Lee and Howard Forman were in love with their 1860s McLean home but not with its dark, narrow rooms.

Designer Barbara Hawthorn specializes in “timeless, trend-resistant design,” but the old farmhouse—possibly a stop on the Civil War’s Underground Railroad—was a challenge.

“The ceilings are low, and I had to give a sense of space,” she says. “Also, you walk right into the living room, so it has to be welcoming.”

The new interior makes the most of the home’s features. The dark beams are beautiful but bring the ceiling even lower, so Hawthorn visually raised the roof with pure white paint between the timbers.

While traditional decors tend to feature dark colors, Hawthorn went all white for everything from the walls and upholstery to the carpet and the paper artwork over the fireplace. White gives the illusion of spaciousness, brightens the room, and brings out architectural elements such as the period staircase.

Separate conversation groupings also make the space—29 by 17½ feet—feel even roomier. One large carpet, rather than separate rugs for each seating area, pulls the room together.

The Formans already owned a nice sofa and chairs—his grandad made the chairs—so Hawthorn had them re-covered. The simple lines and solid colors offer an uncluttered elegance, while the skirts on the sofas and the dark wood of the chairs and coffee table respect the period. Shimmering upholstery and drapes reflect an antique richness—and reflect much-needed light from the few windows.

In the master bedroom, the centerpiece is a custom-made mahogany four-poster bed. The style is modern, but the crystal chandelier, which the Formans already owned, makes the yellow-sheened cotton draperies glow. The curve in the headboard is echoed in the round bench and bedside table to soften the impact of the imposing bed and chandelier.

Hawthorn also made a room for some 7,000 bags the Formans have amassed over the years. Lee, a graphic designer, and Howard, who is retired from his family’s wholesale liquor business, plan to open a “bags as cultural icons” museum in Washington someday (museumofbags.org). For the space, a small apartment over the garage, Hawthorn designed a “brown paper bag” armoire and a painting of a shopping bag.

Sources 


Paint colors:
On the living room walls, Benjamin Moore White Dove. On the bedroom walls, Benjamin Moore Calming Cream.

Sofa and chair upholstery: J. Lambeth, Aviron fabric. From Exclusive Draperies & Upholstery, Chantilly; 703-968-9506; exclusivedraperies.com.

Chairs in front of the fireplace (in which Lee and Howard Forman are seated): from Hancock & Moore, North Carolina; hancockandmoore.com. Chairs start at $1,150.

Handmade needlepoint rug: from Carpet Impressions (to the design trade only), McLean; 703-761-0606.
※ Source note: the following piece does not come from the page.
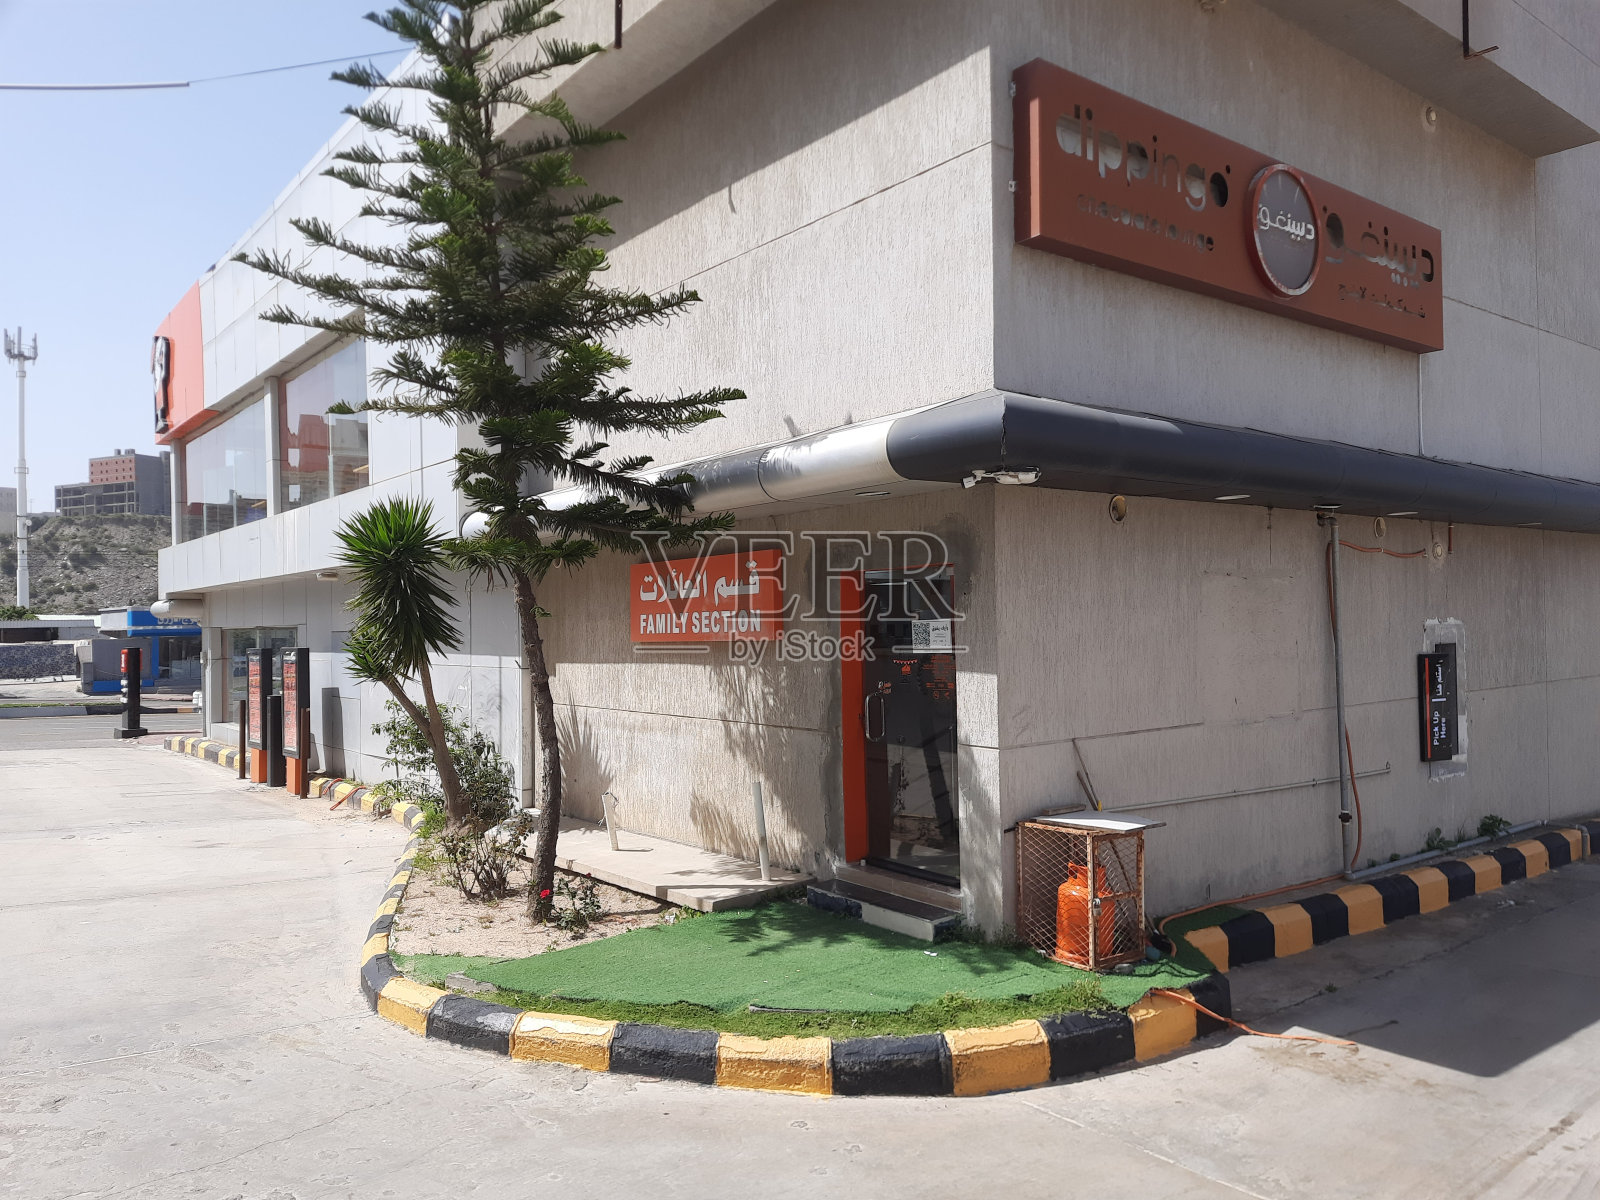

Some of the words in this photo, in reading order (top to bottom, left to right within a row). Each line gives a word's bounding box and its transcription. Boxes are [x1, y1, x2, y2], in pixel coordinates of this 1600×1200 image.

Living-room floor lamp: from Timothy Paul Carpets & Textiles, Northwest DC; 202-319-1100; timothypaulcarpets.com. Timothy Paul’s lamps range from $500 to $2,000.

Custom four-poster mahogany bed: made by Keith Fritz, keithfritz.com. Available at the Michael-Cleary showroom (to the design trade only), Washington Design Center, Southwest DC; 202-488-9787. $8,900.

Bed panels: Kravet Fabrics material with York tieback trim. From Exclusive Draperies & Upholstery, Chantilly.

Interior design: Barbara Hawthorn; 703-241-5588; barbarahawthorninteriors.com.

Barbara Hawthorn’s first rule in decorating: Declutter. “With any style, less is more,” she says. Take a photo, she suggests—it will show what’s too much. “People are always surprised; they say ‘Boy, isn’t there too much stuff on the table?’ It’s hard to get rid of things, but start with the things that aren’t meaningful.”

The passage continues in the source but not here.